– Ты бьешься следующим, – сказал Шонатт, когда стражники подвели Лаша к выходу на арену. – Не вздумай чудить. За последние месяцы ты исчерпал мое терпение. Знай, начнешь дурить, и я запру тебя с одержимыми. Будешь жить с ними, пока мозги на место не встанут.
Лаш стиснул кулаки. Как же хотелось свернуть шею этому уроду. Вот только рядом всегда крутилось столько стражников и надсмотрщиков, что реши Лаш и правда убить Шонатта, у него не было бы ни единого шанса уйти отсюда живым. К тому же Шонатт хоть и был ниже Лаша на полголовы, слабаком не выглядел. Такой точно окажет достойное сопротивление, да и факт, что Лаша выпускали из клетки исключительно в кандалах, вынуждал воздерживаться от необдуманных порывов. Цепи снимут, только когда распахнутся ведущие на арену ворота.
– Я не подведу, – нехотя буркнул Лаш, глядя себе под ноги.
– Уж постарайся. Сегодня у меня на тебя большие планы.
Вопли толпы стали громче.
– Убей! Убей! Убей! – скандировали зрители.
А вскоре ворота отворились, и Лаш увидел ненавистную до тошноты арену. Устилающие пол каменные плиты были залиты кровью. В центре валялся обезглавленный труп раба. Сама голова укатилась довольно далеко. Над телом стоял второй невольник, принадлежащий Шонатту, и держал в опущенной руке окровавленный меч. Он бросил взгляд на Лаша, с которого как раз снимали кандалы, и осклабился, а потом направился к воротам, сопровождаемый одобрительными криками зрителей.
– Надеюсь, сегодня ты наконец сдохнешь, шлюшка, – он смачно харкнул Лашу под ноги, когда проходил мимо.
Лаш проигнорировал его выпад. С неприязнью других рабов к своей персоне смирился давно. Понимал: они всего-навсего завидуют его «особому» положению. Большинство считало, что Шонатт благоволит Лашу не только из-за побед на арене. Потому прозвище «хозяйская шлюшка» стало уже привычным и никаких эмоций не вызывало. Главное – это не было правдой, остальное Лаша не волновало. И он предпочел сосредоточиться на грядущем бое.

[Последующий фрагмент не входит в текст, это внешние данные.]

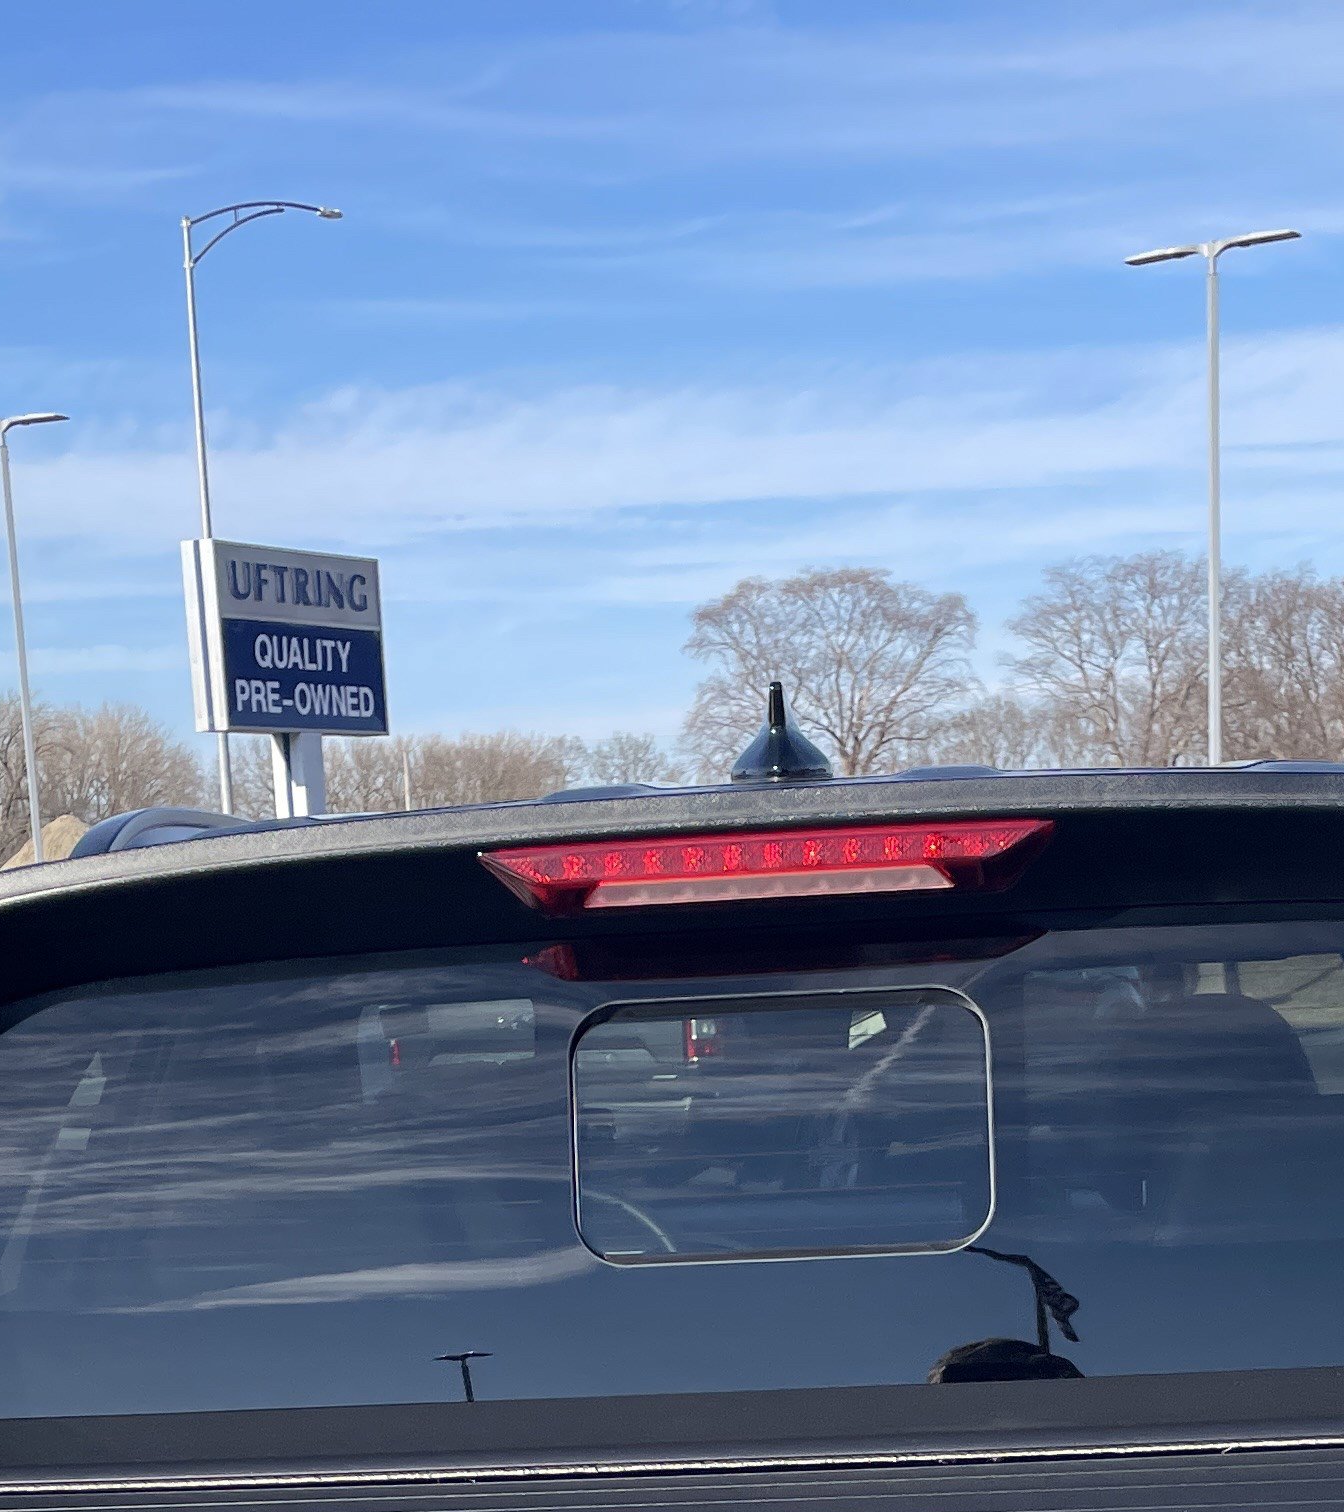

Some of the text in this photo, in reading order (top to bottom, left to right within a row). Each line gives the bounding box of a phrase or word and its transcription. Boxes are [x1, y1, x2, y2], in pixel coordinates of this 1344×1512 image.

– Кстати, забыл сказать. Я тут кое-что придумал в последний момент. Уверен, ты будешь в восторге. Этот бой будет особенным, – глумливо произнес Шонатт. – Наслаждайся. – Он хлопнул Лаша по плечу и направился в свою ложу, возвышающуюся над ареной.
Лаш ждал, пока уберут труп, а Падальщик, работающий на Шонатта, усмирит душу убитого. Все это он видел уже множество раз, но именно сегодня отчаяние охватило его с новой силой.
Сколько так будет продолжаться? Сколько боев ему еще предстоит пережить? Сколько наказаний стерпеть?
Драконы живут минимум по два столетия.
Двести лет в подземелье. Двести лет в клетке.
Зачем он терпит? Почему не прекратит все это, убив себя и став неупокоенным?
Лаш покосился на меч одного из стражей, прикидывая, хватит ли духу перерезать себе глотку, когда ему самому выдадут оружие для боя, а потом перевел взгляд на Падальщика и ошарашенно замер.
Воздух вокруг парня в черной маске будто дрожал, пока он читал заговор перед неупокоенным, чьи вопли легко перекрывали шум толпы. Полупрозрачный силуэт призрака, постепенно опутывали странные, едва различимые черные нити. В какой-то момент Падальщик топнул ногой, и прямо в камне разверзлась дыра, в которую неупокоенного затянули черные путы. Заклинатель довольно хмыкнул, легонько поклонился, повернувшись к ложе Шонатта и его высокопоставленных гостей, а затем неторопливо покинул арену.
Лаш тряхнул головой, потер глаза.
Что это было?
– Ты видел? – спросил он у стражника, державшего его меч.
– Что именно? – скривился тот, будучи совершенно не в восторге даже от мимолетной беседы с ничтожным драконом.